Spectrum - Volume 18 Issue 10 October 26, 1995 - Hotel project wins award

A non-profit publication of the Office of the University Relations of Virginia Tech,
including The Conductor , a special section of the Spectrum printed 4 times a year

Hotel project wins award

By Clara B. Cox

Spectrum Volume 18 Issue 10 - October 26, 1995

The Virginia Municipal League (VML) has presented the City of Roanoke with its 1995 President's Award for Entrepreneurial Government, VML's top honor, for the city's work with Virginia Tech, businesses, and civic and neighborhood organizations on the Hotel Roanoke and Conference Center project.

"The city was selected for its spirited and effective community-wide campaign to re-open the Hotel Roanoke as a first-rate accommodation and conference center, while preserving the integrity of an adjacent historic neighborhood," VML reported in Virginia Town & City, the organization's official magazine.

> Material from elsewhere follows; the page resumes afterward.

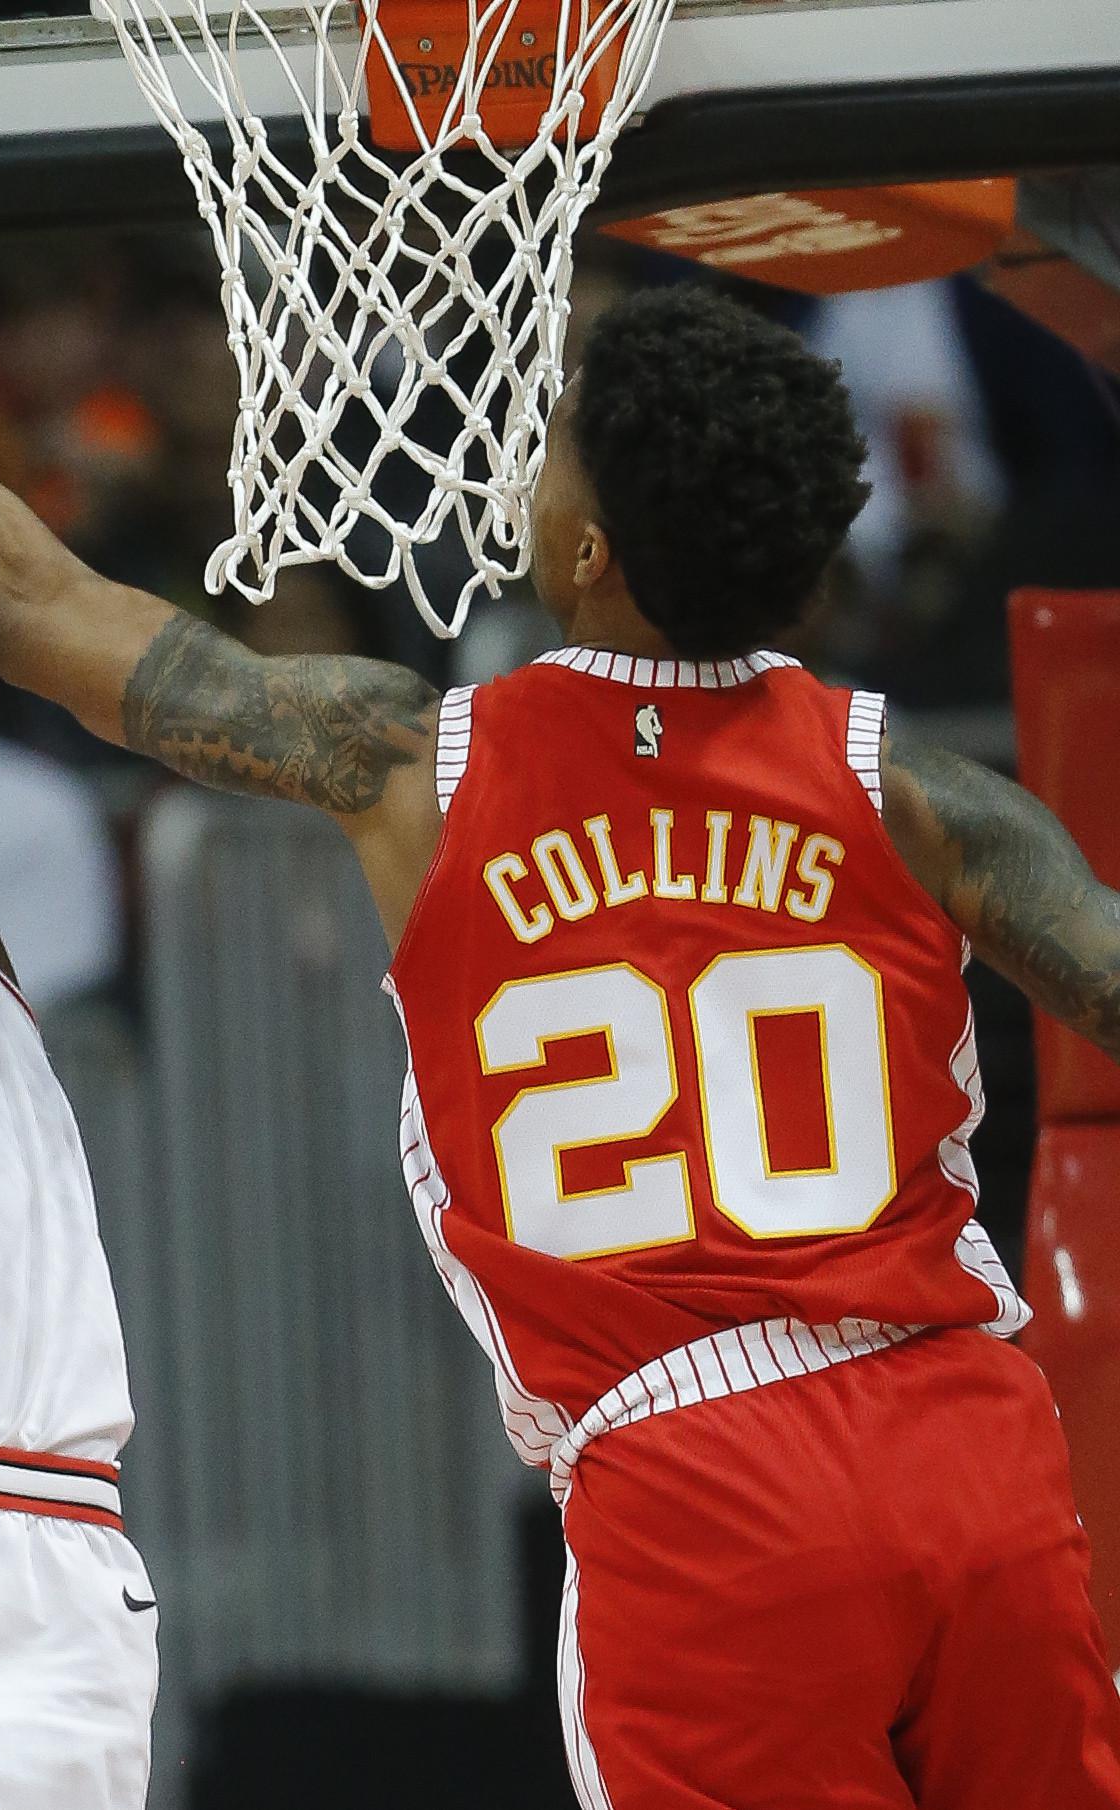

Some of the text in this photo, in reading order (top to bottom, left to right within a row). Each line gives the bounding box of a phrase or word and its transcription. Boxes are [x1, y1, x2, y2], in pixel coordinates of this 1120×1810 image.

[398, 53, 556, 97] SPADING
[482, 808, 847, 944] COLLINS
[474, 942, 898, 1262] 20

The award was announced in the September issue of the magazine and was presented at the VML annual conference on October 10 in Virginia Beach.

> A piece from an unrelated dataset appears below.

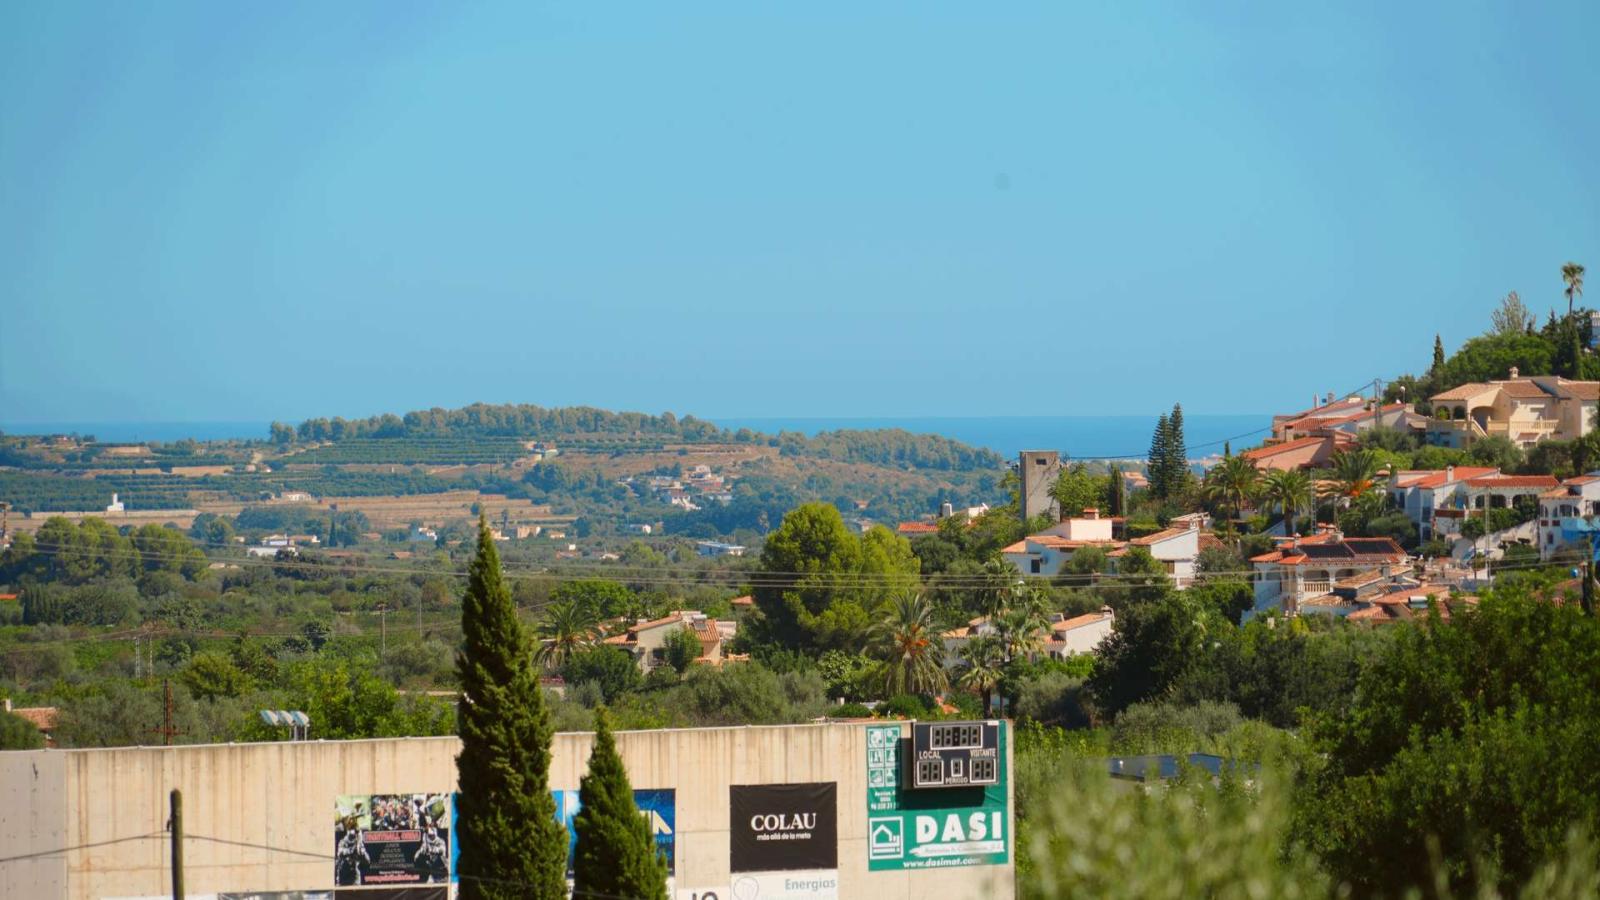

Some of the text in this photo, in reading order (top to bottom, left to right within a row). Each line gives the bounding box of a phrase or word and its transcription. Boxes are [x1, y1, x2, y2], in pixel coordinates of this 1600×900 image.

[919, 748, 996, 760] LOCAL VISITANTE
[750, 812, 817, 831] COLAU
[916, 811, 1002, 843] DASI

Judges for VML's Achievement Awards competition, which includes six categories, were Brackenridge H. Bentley, former town manager of Front Royal and Vienna and an active member of VML; Milton K. Brown Jr., a director in the Richmond law firm of Coates & Davenport who has served as deputy attorney general of Virginia and director of the state Department of Commerce; and John V. Moeser, a professor of urban studies and planning at Virginia Commonwealth University and co-author of a recently completed book on black communities in the urban South.

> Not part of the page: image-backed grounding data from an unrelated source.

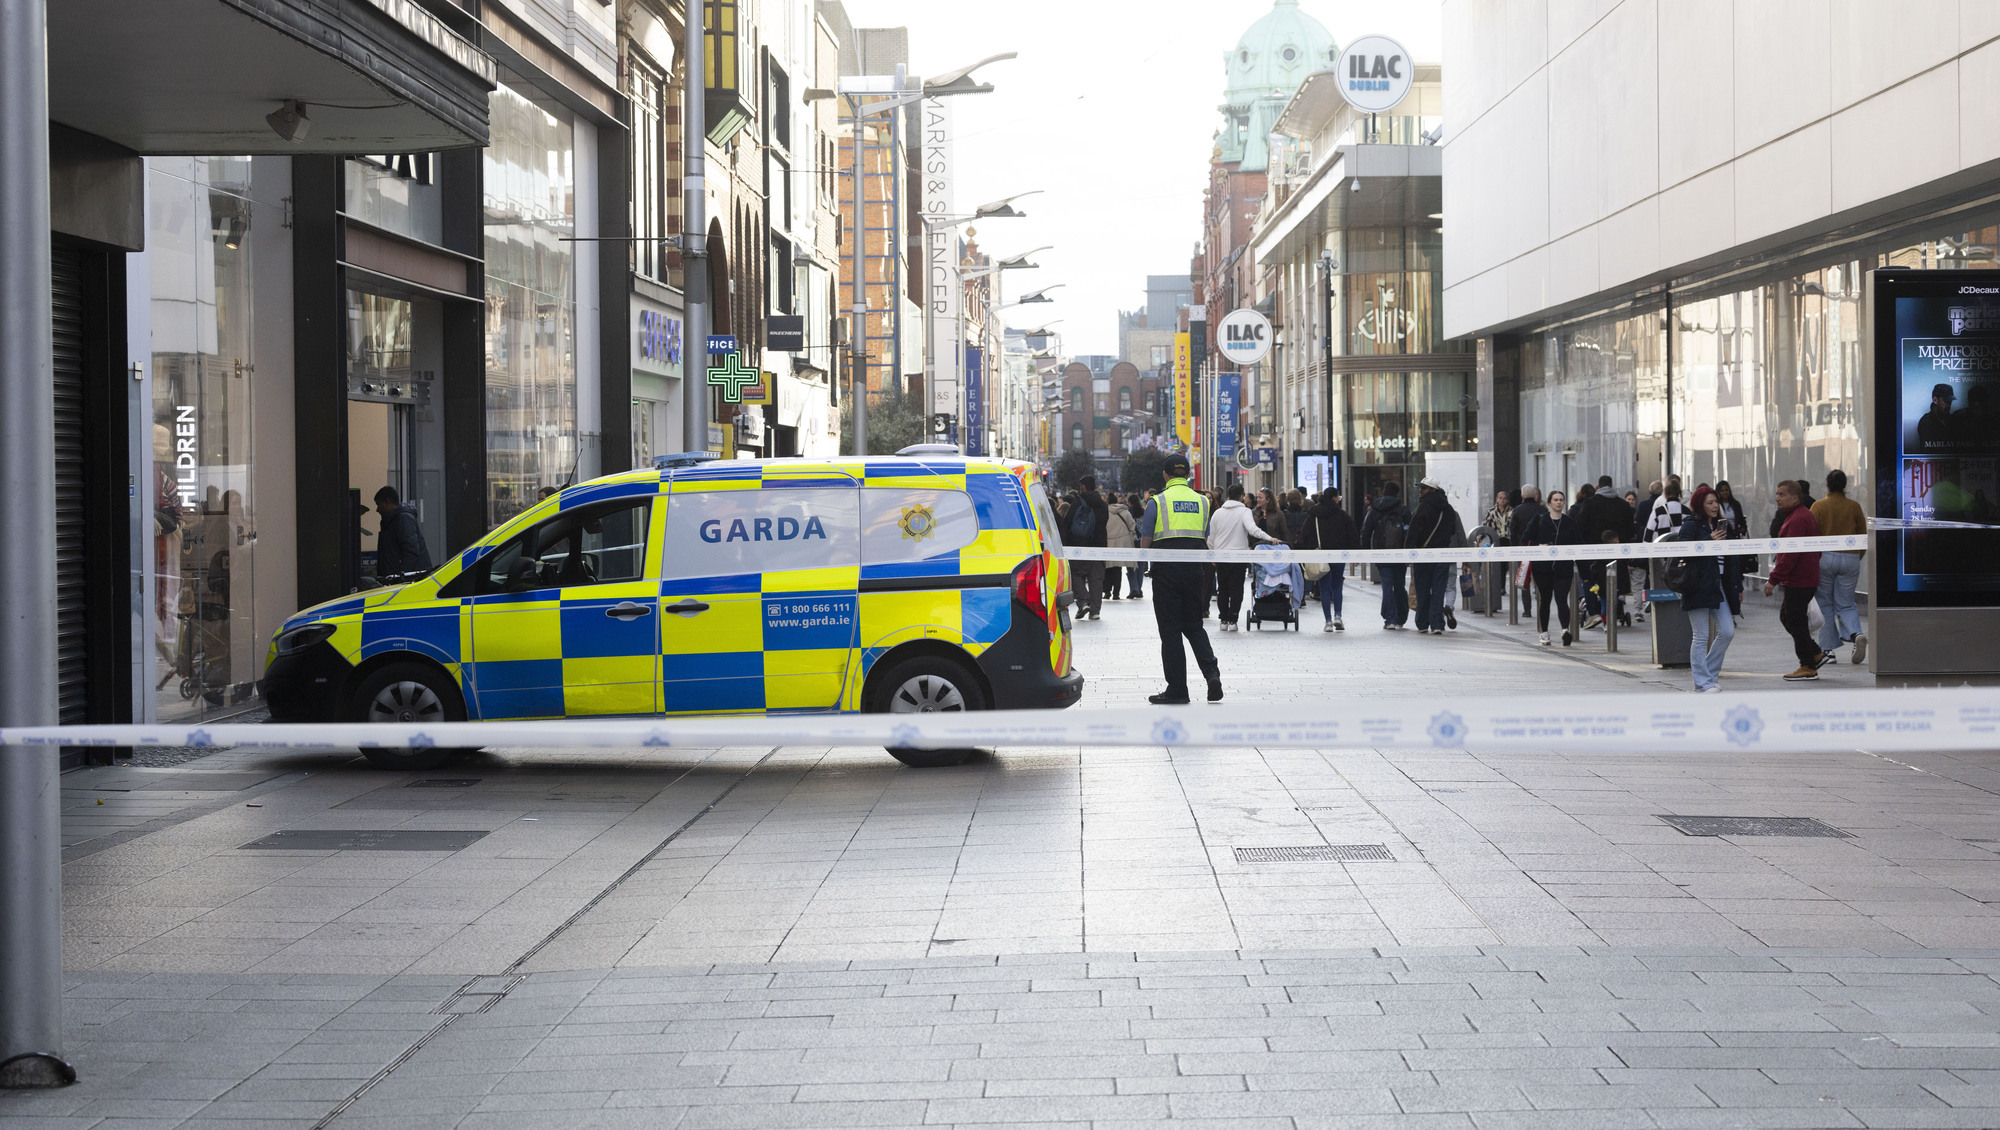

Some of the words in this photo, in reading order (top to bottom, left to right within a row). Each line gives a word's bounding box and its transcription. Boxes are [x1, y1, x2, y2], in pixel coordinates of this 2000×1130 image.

[1349, 54, 1402, 79] ILAC
[1349, 80, 1390, 91] DUBLIN
[927, 96, 946, 174] MARKS
[927, 180, 946, 195] &
[1958, 286, 2000, 294] JCDecaux
[1950, 302, 2000, 319] marla
[1227, 324, 1264, 341] ILAC
[1227, 342, 1256, 350] DUBLIN
[1918, 345, 1990, 358] MUMFORD
[1932, 358, 2000, 370] PRIZEFIGH
[1179, 345, 1187, 425] TOYMASTER
[935, 391, 949, 401] &S
[968, 370, 976, 449] JERVIS
[1354, 436, 1375, 449] oot
[1924, 440, 1954, 448] MARLAY
[176, 405, 196, 512] HILDREN
[1174, 503, 1198, 511] GARDA
[1910, 505, 1935, 513] Sunday
[700, 515, 827, 543] GARDA
[783, 606, 789, 614] 1
[792, 604, 810, 613] 800
[812, 604, 830, 613] 666
[833, 603, 850, 612] 111
[768, 615, 850, 629] www.garda.ie

"Innovative partnerships involving a state university, a municipality, the business community, the media, civic and neighborhood organizations led to the restoration of a Virginia landmark and, with it, the development of a conference center and the protection of a historic African-American neighborhood.

"The result of the genuine community-wide effort is a beautiful conference facility adjoining a gem of a hotel and a renewed sense of regional pride. Any outfit that can raise six million bucks in 45 days deserves to be rated tops. Almost anyone who has visited the new/old hotel and new conference center would have to admit that the undertaking was of immense value to the city," the judges commented.

Virginia Town & City ran a feature article on the project, saying the story of the project "is about a unique set of partnerships" that "faced formidable challenges while putting together this important project." The Hotel Roanoke and Conference Center project got under way in 1989 when Norfolk Southern Railway gave the historic hotel to Virginia Tech. The city joined forces with the university to help realize visions each had for the facility. Funds for the $40.6-million project were raised with the help of Renew Roanoke Foundation, a private, not-for-profit community organization wanting the project to succeed.

VML received nearly 100 entries for the six categories of its competition.